One study published in the Journal of Urology found that a hospital needs to do at least 520 surgeries a year with the robot to bring its costs in line with traditional surgery. That’s seven times the number of robotic surgeries Wentworth-Douglass has been averaging.

And while it’s unfortunate that they don’t even use the device enough to save money, it’s far worse that they also don’t use it often enough to master its steep learning curve.
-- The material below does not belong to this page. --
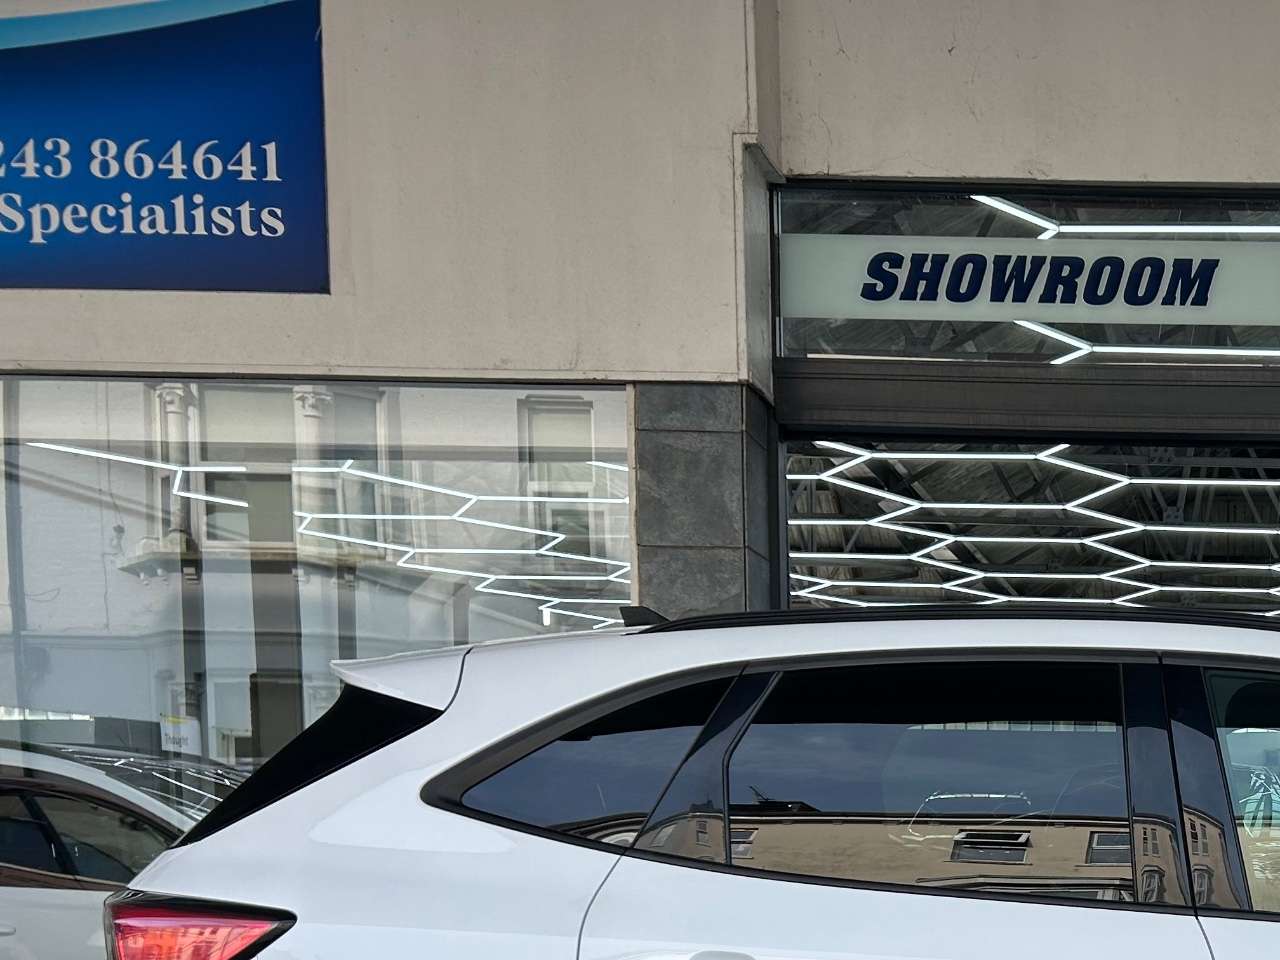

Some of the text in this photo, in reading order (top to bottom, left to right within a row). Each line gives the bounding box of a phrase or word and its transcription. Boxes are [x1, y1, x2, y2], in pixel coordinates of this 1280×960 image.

Surgeons at the New Hampshire hospital got two days of training and began operating unassisted after four cases.

Jim Hu, a surgeon at Brigham and Women’s Hospital in Boston who has done more than 1,000 surgeries with the robot, says it takes a urologist anywhere from 250 to 700 cases to master it. Dr. Hu considers the da Vinci a clear benefit for experienced surgeons, saying, “You can do a better job.” But he cautions it can do more harm than good when used without adequate training.

In New Hampshire, the hospital’s four urologists were pressured to use the device, but resisted because they felt more training was needed, Carreyrou writes. Three of them eventually left the hospital.